(Required action):
With the line containing "this 2048×1536 image." as the starting point, output the remaining lines of the data exactly as they are, through the last.

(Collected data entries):
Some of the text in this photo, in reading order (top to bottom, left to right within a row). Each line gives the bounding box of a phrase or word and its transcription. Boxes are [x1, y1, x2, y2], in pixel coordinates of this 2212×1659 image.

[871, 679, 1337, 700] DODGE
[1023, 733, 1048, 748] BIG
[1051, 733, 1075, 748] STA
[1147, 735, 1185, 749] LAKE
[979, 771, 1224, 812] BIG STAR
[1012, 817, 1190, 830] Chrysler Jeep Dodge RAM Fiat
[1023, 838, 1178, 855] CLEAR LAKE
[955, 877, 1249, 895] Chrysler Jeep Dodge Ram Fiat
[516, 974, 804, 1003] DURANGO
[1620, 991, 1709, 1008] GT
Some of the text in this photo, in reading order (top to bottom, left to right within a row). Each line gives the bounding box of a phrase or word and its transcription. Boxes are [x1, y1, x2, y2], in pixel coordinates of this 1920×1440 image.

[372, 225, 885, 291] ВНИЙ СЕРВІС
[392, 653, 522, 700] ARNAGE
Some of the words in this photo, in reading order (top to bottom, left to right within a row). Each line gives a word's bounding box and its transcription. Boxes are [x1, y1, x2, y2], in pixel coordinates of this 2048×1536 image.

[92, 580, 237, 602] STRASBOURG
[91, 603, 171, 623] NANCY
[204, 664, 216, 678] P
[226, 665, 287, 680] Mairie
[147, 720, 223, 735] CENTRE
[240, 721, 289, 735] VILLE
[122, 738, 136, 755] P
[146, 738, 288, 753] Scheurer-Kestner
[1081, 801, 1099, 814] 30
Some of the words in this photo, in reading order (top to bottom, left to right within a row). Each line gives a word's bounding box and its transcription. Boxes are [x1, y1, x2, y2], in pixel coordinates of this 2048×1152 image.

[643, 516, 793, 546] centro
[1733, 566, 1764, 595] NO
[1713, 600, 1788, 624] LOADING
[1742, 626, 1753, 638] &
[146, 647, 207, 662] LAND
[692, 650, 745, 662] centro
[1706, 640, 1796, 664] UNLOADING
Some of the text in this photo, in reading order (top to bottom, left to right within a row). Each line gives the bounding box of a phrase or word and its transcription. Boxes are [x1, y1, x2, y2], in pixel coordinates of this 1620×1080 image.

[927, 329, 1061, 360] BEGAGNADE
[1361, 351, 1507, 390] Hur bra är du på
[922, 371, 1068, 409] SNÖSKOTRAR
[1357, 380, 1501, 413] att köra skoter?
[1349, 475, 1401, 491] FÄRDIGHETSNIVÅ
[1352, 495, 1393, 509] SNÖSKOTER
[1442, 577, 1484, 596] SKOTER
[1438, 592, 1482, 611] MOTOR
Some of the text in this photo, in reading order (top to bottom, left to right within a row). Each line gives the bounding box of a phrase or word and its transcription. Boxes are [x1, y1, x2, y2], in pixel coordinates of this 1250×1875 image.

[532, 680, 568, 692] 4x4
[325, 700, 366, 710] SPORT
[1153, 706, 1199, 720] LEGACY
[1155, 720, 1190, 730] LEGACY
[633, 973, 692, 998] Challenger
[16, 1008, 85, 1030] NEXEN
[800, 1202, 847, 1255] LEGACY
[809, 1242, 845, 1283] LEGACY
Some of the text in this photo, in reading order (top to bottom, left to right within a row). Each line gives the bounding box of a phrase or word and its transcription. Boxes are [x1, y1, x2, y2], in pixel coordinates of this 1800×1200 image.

(Solution):
Some of the words in this photo, in reading order (top to bottom, left to right within a row). Each line gives a word's bounding box and its transcription. Boxes are [x1, y1, x2, y2], in pixel coordinates of this 2048×1536 image.

[92, 580, 237, 602] STRASBOURG
[91, 603, 171, 623] NANCY
[204, 664, 216, 678] P
[226, 665, 287, 680] Mairie
[147, 720, 223, 735] CENTRE
[240, 721, 289, 735] VILLE
[122, 738, 136, 755] P
[146, 738, 288, 753] Scheurer-Kestner
[1081, 801, 1099, 814] 30
Some of the words in this photo, in reading order (top to bottom, left to right within a row). Each line gives a word's bounding box and its transcription. Boxes are [x1, y1, x2, y2], in pixel coordinates of this 2048×1152 image.

[643, 516, 793, 546] centro
[1733, 566, 1764, 595] NO
[1713, 600, 1788, 624] LOADING
[1742, 626, 1753, 638] &
[146, 647, 207, 662] LAND
[692, 650, 745, 662] centro
[1706, 640, 1796, 664] UNLOADING
Some of the text in this photo, in reading order (top to bottom, left to right within a row). Each line gives the bounding box of a phrase or word and its transcription. Boxes are [x1, y1, x2, y2], in pixel coordinates of this 1620×1080 image.

[927, 329, 1061, 360] BEGAGNADE
[1361, 351, 1507, 390] Hur bra är du på
[922, 371, 1068, 409] SNÖSKOTRAR
[1357, 380, 1501, 413] att köra skoter?
[1349, 475, 1401, 491] FÄRDIGHETSNIVÅ
[1352, 495, 1393, 509] SNÖSKOTER
[1442, 577, 1484, 596] SKOTER
[1438, 592, 1482, 611] MOTOR
Some of the text in this photo, in reading order (top to bottom, left to right within a row). Each line gives the bounding box of a phrase or word and its transcription. Boxes are [x1, y1, x2, y2], in pixel coordinates of this 1250×1875 image.

[532, 680, 568, 692] 4x4
[325, 700, 366, 710] SPORT
[1153, 706, 1199, 720] LEGACY
[1155, 720, 1190, 730] LEGACY
[633, 973, 692, 998] Challenger
[16, 1008, 85, 1030] NEXEN
[800, 1202, 847, 1255] LEGACY
[809, 1242, 845, 1283] LEGACY
Some of the text in this photo, in reading order (top to bottom, left to right within a row). Each line gives the bounding box of a phrase or word and its transcription. Boxes are [x1, y1, x2, y2], in pixel coordinates of this 1800×1200 image.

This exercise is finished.